Saved entries
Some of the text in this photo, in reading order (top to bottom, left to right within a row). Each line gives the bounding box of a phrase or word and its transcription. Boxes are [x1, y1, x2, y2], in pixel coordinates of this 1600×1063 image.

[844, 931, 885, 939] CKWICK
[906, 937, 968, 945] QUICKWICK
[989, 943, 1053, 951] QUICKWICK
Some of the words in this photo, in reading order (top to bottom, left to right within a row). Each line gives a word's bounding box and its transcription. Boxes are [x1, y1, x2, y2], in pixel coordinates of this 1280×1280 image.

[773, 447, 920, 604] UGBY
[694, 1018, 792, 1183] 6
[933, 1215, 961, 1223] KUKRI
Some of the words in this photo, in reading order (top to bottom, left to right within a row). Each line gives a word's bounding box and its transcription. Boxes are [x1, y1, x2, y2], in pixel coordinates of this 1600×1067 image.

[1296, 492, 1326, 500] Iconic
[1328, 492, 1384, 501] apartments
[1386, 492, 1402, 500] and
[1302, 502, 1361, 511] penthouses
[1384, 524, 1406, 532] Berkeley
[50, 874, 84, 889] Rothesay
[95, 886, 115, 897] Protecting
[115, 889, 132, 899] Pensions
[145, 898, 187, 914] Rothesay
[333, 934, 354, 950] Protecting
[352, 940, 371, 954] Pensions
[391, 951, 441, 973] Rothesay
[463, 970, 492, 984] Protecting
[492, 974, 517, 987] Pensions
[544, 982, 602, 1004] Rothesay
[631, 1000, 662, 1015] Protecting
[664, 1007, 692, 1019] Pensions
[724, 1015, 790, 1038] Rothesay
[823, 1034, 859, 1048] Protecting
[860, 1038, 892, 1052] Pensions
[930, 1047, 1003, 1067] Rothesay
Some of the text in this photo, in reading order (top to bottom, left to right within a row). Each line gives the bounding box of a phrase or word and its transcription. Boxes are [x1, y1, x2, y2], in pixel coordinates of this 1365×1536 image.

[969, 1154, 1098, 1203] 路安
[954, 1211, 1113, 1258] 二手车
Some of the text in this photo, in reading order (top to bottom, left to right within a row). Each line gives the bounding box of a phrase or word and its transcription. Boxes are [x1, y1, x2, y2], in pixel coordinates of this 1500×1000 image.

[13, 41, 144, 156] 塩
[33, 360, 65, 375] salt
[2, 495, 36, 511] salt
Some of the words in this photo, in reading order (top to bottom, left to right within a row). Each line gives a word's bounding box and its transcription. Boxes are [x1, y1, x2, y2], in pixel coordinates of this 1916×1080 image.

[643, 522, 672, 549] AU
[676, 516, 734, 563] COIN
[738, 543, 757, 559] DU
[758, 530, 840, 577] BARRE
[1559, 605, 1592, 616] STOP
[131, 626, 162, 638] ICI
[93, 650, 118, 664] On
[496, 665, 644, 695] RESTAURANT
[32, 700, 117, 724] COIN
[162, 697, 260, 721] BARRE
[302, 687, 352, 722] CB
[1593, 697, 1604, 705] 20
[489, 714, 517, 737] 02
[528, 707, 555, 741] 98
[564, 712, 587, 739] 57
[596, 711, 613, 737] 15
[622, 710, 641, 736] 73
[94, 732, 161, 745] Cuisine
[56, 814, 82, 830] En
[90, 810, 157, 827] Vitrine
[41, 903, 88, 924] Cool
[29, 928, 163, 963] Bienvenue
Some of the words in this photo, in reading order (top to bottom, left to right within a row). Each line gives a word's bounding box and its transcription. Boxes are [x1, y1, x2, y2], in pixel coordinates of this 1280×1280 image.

**TASK REQUIREMENTS:**
Word for word, write out each entry shown above.

**TASK OUTPUT:**
Some of the text in this photo, in reading order (top to bottom, left to right within a row). Each line gives the bounding box of a phrase or word and its transcription. Boxes are [x1, y1, x2, y2], in pixel coordinates of this 1600×1063 image.

[844, 931, 885, 939] CKWICK
[906, 937, 968, 945] QUICKWICK
[989, 943, 1053, 951] QUICKWICK
Some of the words in this photo, in reading order (top to bottom, left to right within a row). Each line gives a word's bounding box and its transcription. Boxes are [x1, y1, x2, y2], in pixel coordinates of this 1280×1280 image.

[773, 447, 920, 604] UGBY
[694, 1018, 792, 1183] 6
[933, 1215, 961, 1223] KUKRI
Some of the words in this photo, in reading order (top to bottom, left to right within a row). Each line gives a word's bounding box and its transcription. Boxes are [x1, y1, x2, y2], in pixel coordinates of this 1600×1067 image.

[1296, 492, 1326, 500] Iconic
[1328, 492, 1384, 501] apartments
[1386, 492, 1402, 500] and
[1302, 502, 1361, 511] penthouses
[1384, 524, 1406, 532] Berkeley
[50, 874, 84, 889] Rothesay
[95, 886, 115, 897] Protecting
[115, 889, 132, 899] Pensions
[145, 898, 187, 914] Rothesay
[333, 934, 354, 950] Protecting
[352, 940, 371, 954] Pensions
[391, 951, 441, 973] Rothesay
[463, 970, 492, 984] Protecting
[492, 974, 517, 987] Pensions
[544, 982, 602, 1004] Rothesay
[631, 1000, 662, 1015] Protecting
[664, 1007, 692, 1019] Pensions
[724, 1015, 790, 1038] Rothesay
[823, 1034, 859, 1048] Protecting
[860, 1038, 892, 1052] Pensions
[930, 1047, 1003, 1067] Rothesay
Some of the text in this photo, in reading order (top to bottom, left to right within a row). Each line gives the bounding box of a phrase or word and its transcription. Boxes are [x1, y1, x2, y2], in pixel coordinates of this 1365×1536 image.

[969, 1154, 1098, 1203] 路安
[954, 1211, 1113, 1258] 二手车
Some of the text in this photo, in reading order (top to bottom, left to right within a row). Each line gives the bounding box of a phrase or word and its transcription. Boxes are [x1, y1, x2, y2], in pixel coordinates of this 1500×1000 image.

[13, 41, 144, 156] 塩
[33, 360, 65, 375] salt
[2, 495, 36, 511] salt
Some of the words in this photo, in reading order (top to bottom, left to right within a row). Each line gives a word's bounding box and its transcription. Boxes are [x1, y1, x2, y2], in pixel coordinates of this 1916×1080 image.

[643, 522, 672, 549] AU
[676, 516, 734, 563] COIN
[738, 543, 757, 559] DU
[758, 530, 840, 577] BARRE
[1559, 605, 1592, 616] STOP
[131, 626, 162, 638] ICI
[93, 650, 118, 664] On
[496, 665, 644, 695] RESTAURANT
[32, 700, 117, 724] COIN
[162, 697, 260, 721] BARRE
[302, 687, 352, 722] CB
[1593, 697, 1604, 705] 20
[489, 714, 517, 737] 02
[528, 707, 555, 741] 98
[564, 712, 587, 739] 57
[596, 711, 613, 737] 15
[622, 710, 641, 736] 73
[94, 732, 161, 745] Cuisine
[56, 814, 82, 830] En
[90, 810, 157, 827] Vitrine
[41, 903, 88, 924] Cool
[29, 928, 163, 963] Bienvenue
Some of the words in this photo, in reading order (top to bottom, left to right within a row). Each line gives a word's bounding box and its transcription. Boxes are [x1, y1, x2, y2], in pixel coordinates of this 1280×1280 image.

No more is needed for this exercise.